[Referring expression grounding data]

■ ■ ■ ■ ■

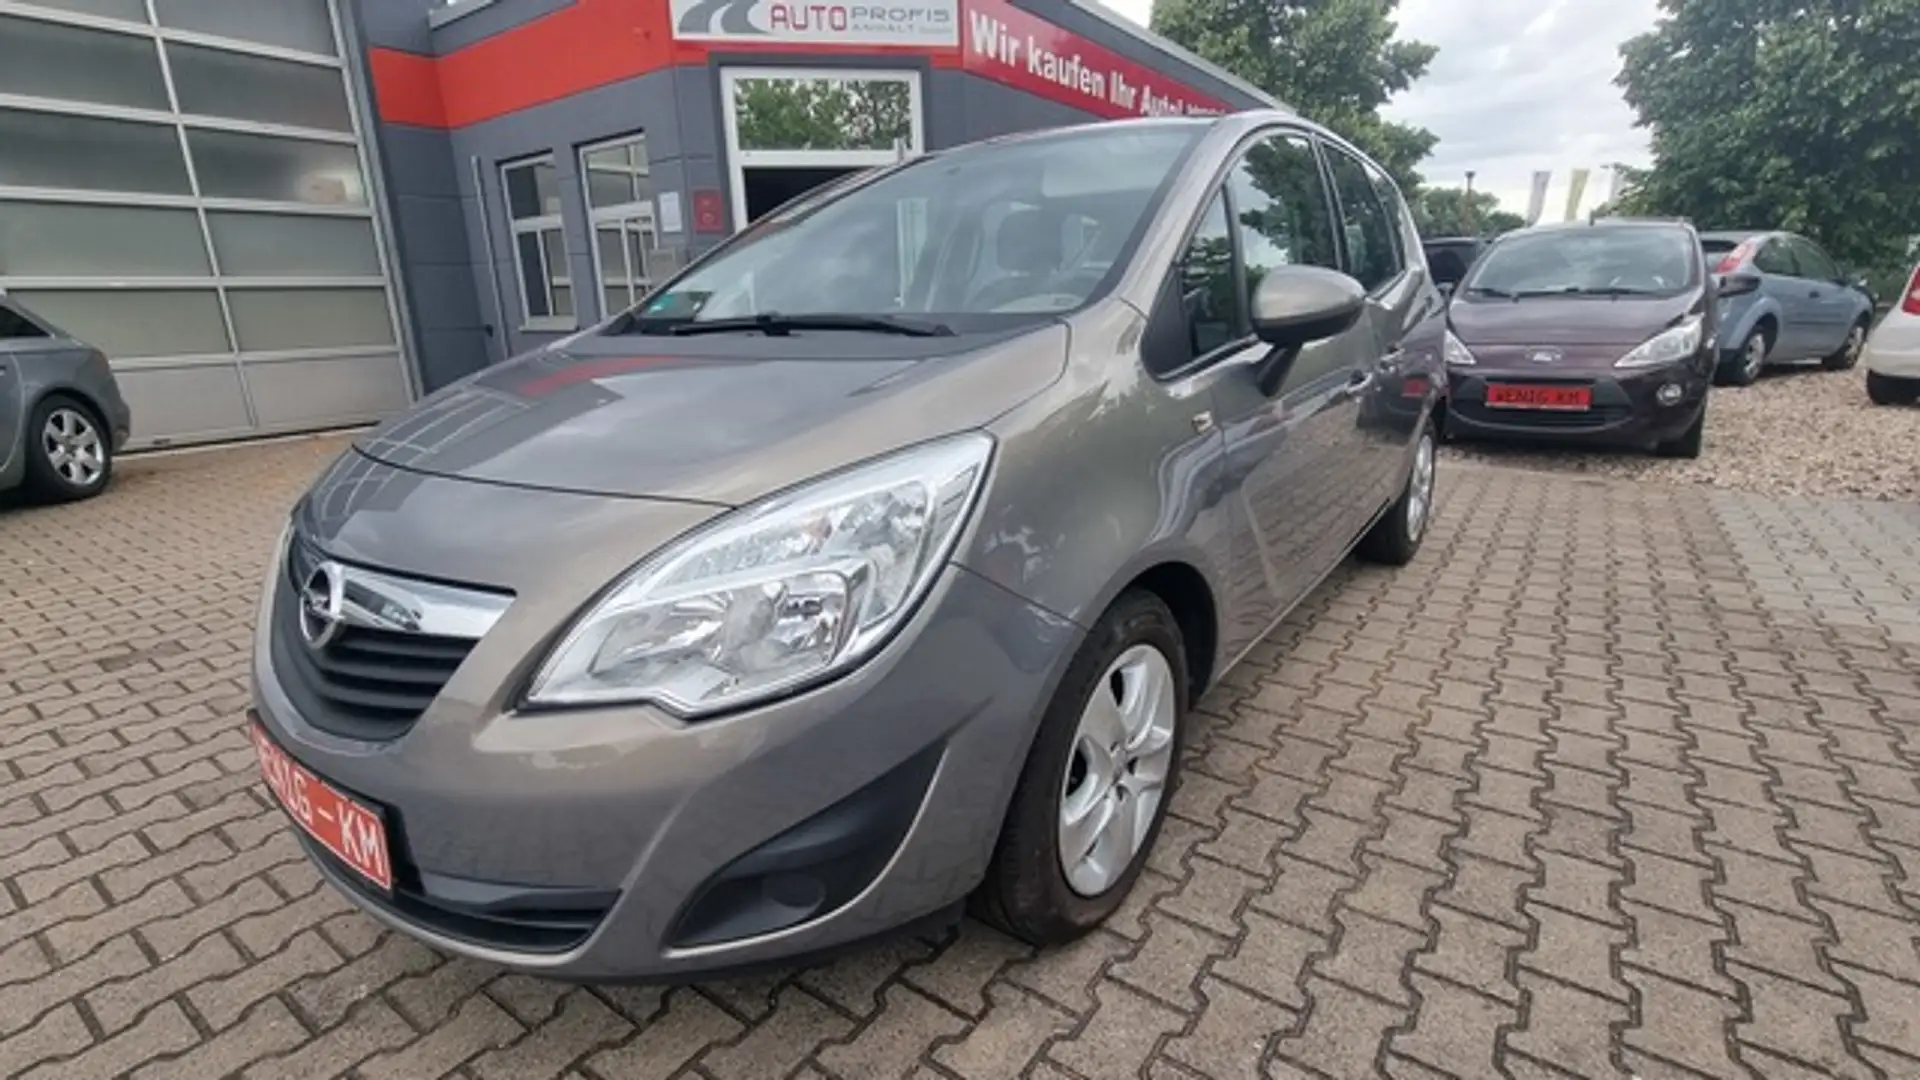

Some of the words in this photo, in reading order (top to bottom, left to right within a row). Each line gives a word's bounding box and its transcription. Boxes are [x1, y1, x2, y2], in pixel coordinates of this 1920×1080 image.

[770, 4, 848, 32] AUTO
[850, 5, 951, 22] PROFIS
[969, 9, 1020, 67] Wir
[1027, 35, 1105, 100] kaufen
[1109, 70, 1136, 111] Ihr

■ ■ ■ ■ ■

| EXERCISE DESCRIPTION |
What's needed is an exact copy of every entry, free of pictures.

| FINISHED TASK |
Some of the words in this photo, in reading order (top to bottom, left to right within a row). Each line gives a word's bounding box and its transcription. Boxes are [x1, y1, x2, y2], in pixel coordinates of this 1920×1080 image.

[770, 4, 848, 32] AUTO
[850, 5, 951, 22] PROFIS
[969, 9, 1020, 67] Wir
[1027, 35, 1105, 100] kaufen
[1109, 70, 1136, 111] Ihr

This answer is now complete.